━━━ Supplied records ━━━

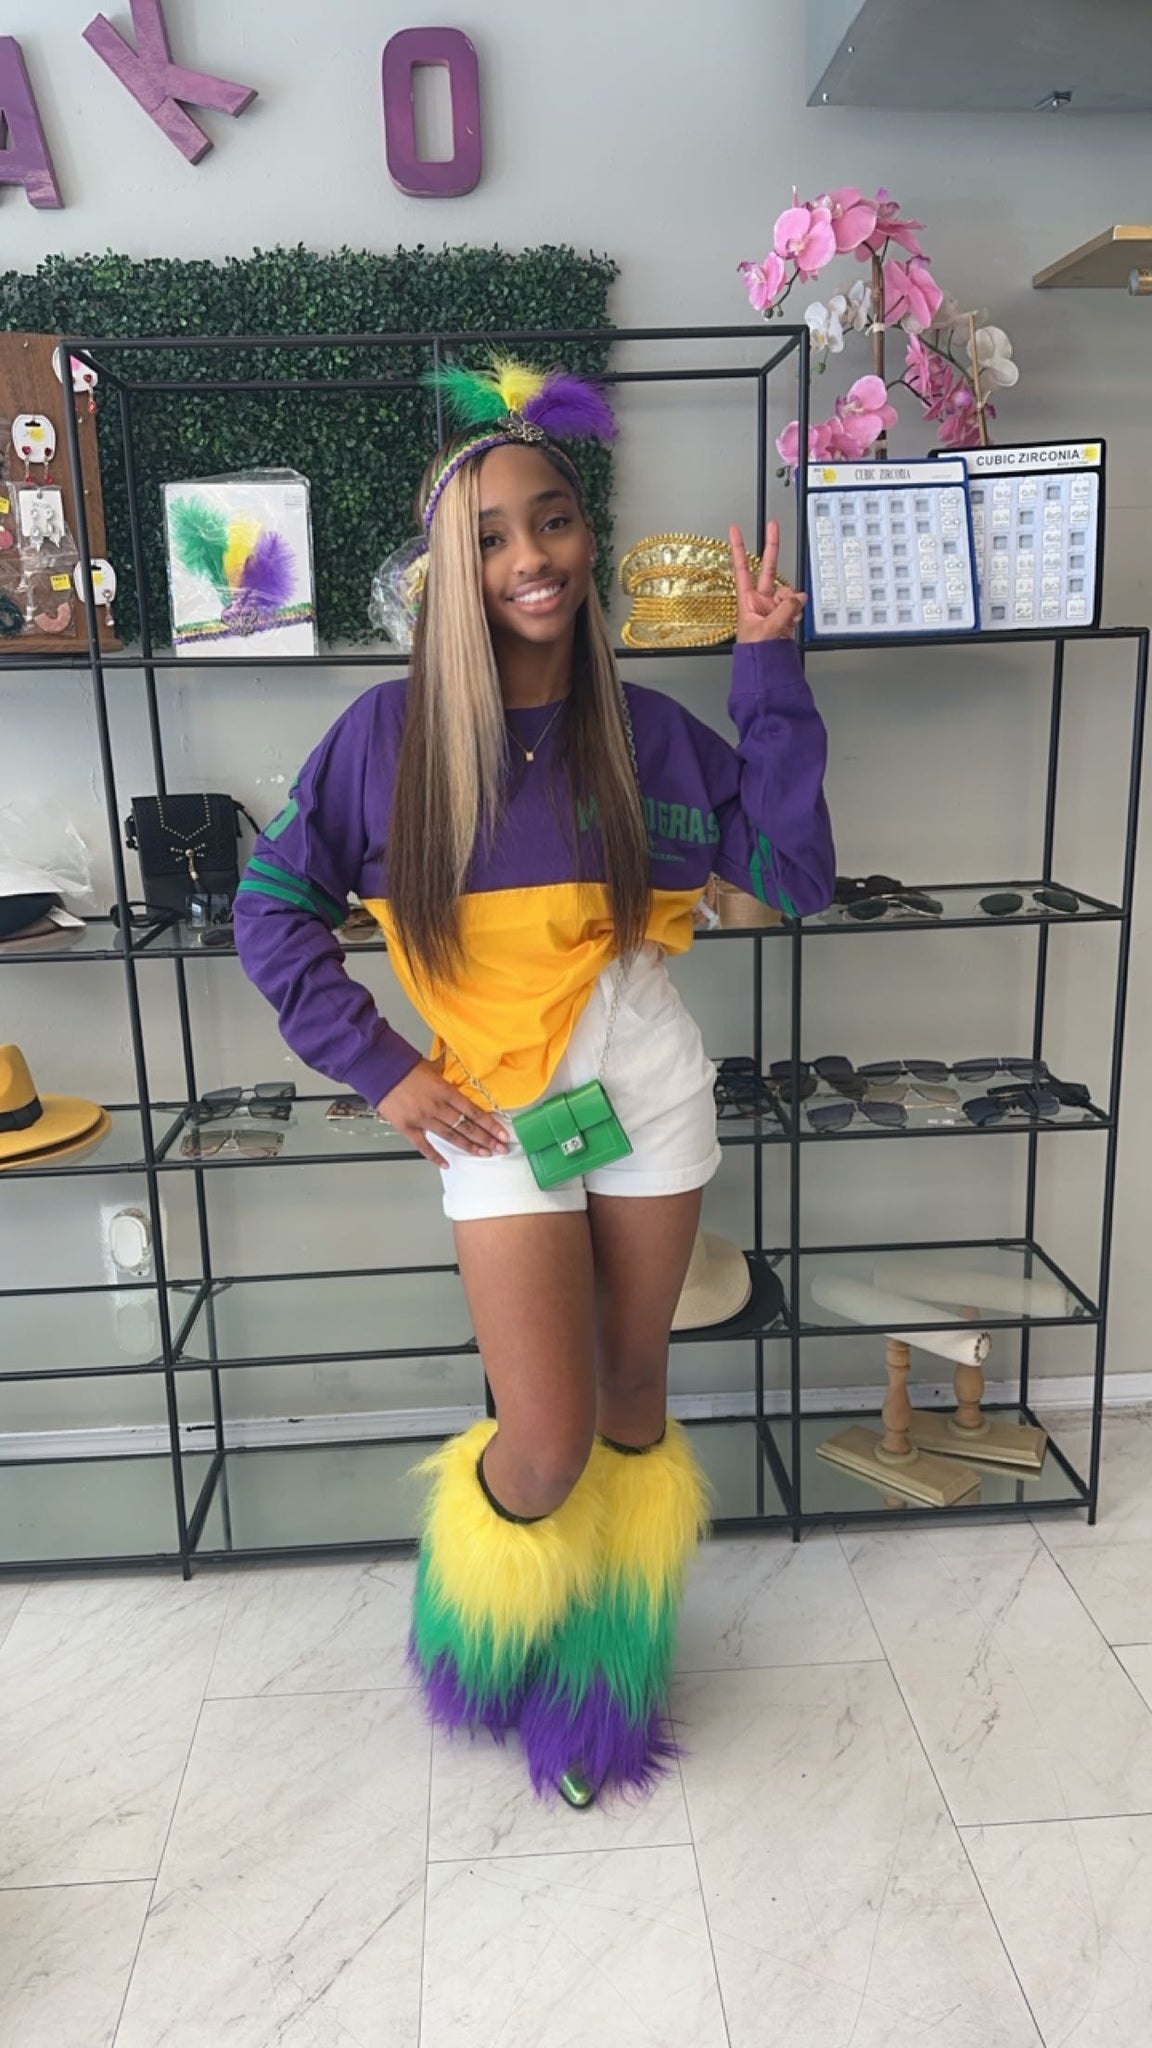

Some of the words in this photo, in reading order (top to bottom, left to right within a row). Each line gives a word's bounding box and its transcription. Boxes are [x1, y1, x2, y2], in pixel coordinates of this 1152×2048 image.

[976, 454, 1015, 467] CUBIC
[1018, 449, 1080, 464] ZIRCONIA
[854, 468, 876, 481] CUBIC
[879, 467, 912, 480] ZIRCONIA
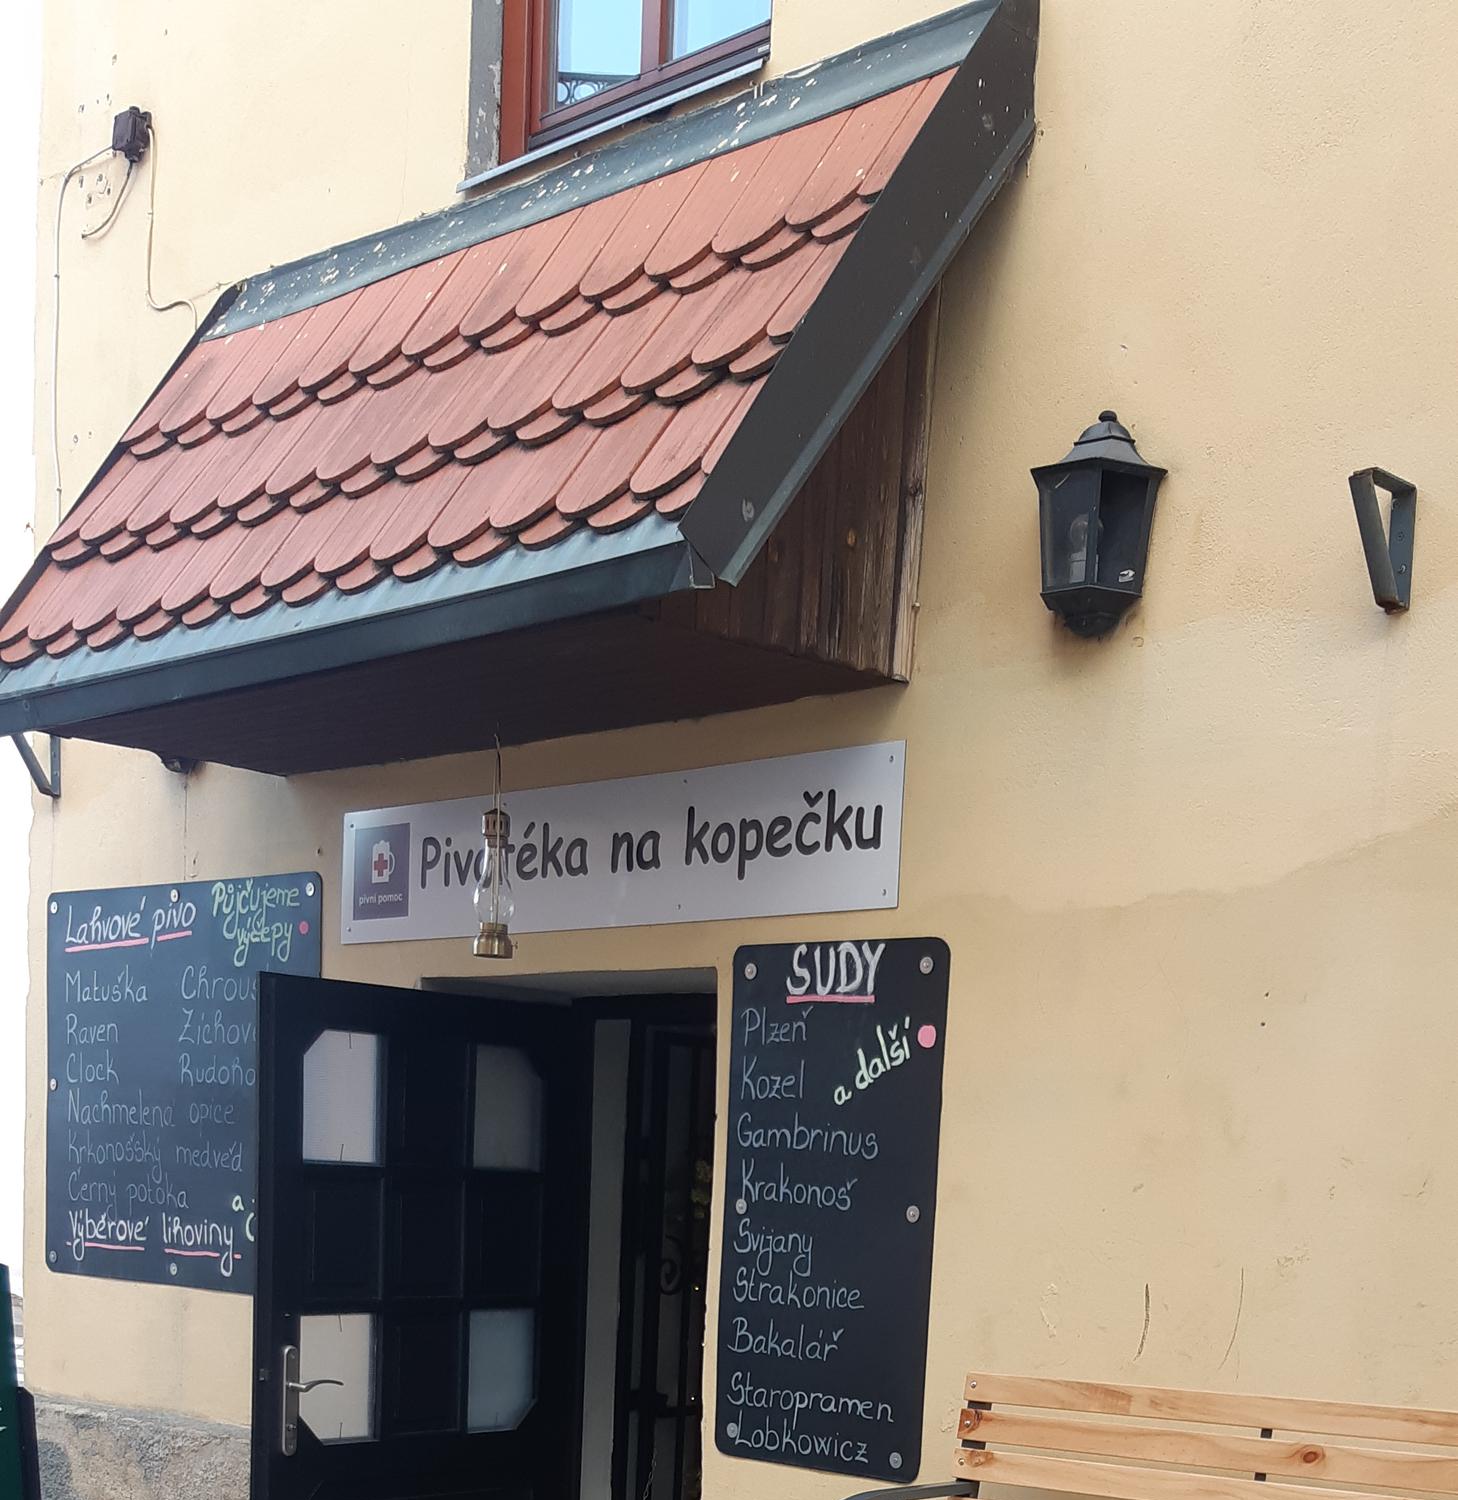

━━━

▶ [Exercise aim] Please retype the data exactly. The pictures do not go in.

▶ [Solution]
Some of the words in this photo, in reading order (top to bottom, left to right within a row). Each line gives a word's bounding box and its transcription. Boxes are [x1, y1, x2, y2], in pixel coordinates of this 1152×2048 image.

[976, 454, 1015, 467] CUBIC
[1018, 449, 1080, 464] ZIRCONIA
[854, 468, 876, 481] CUBIC
[879, 467, 912, 480] ZIRCONIA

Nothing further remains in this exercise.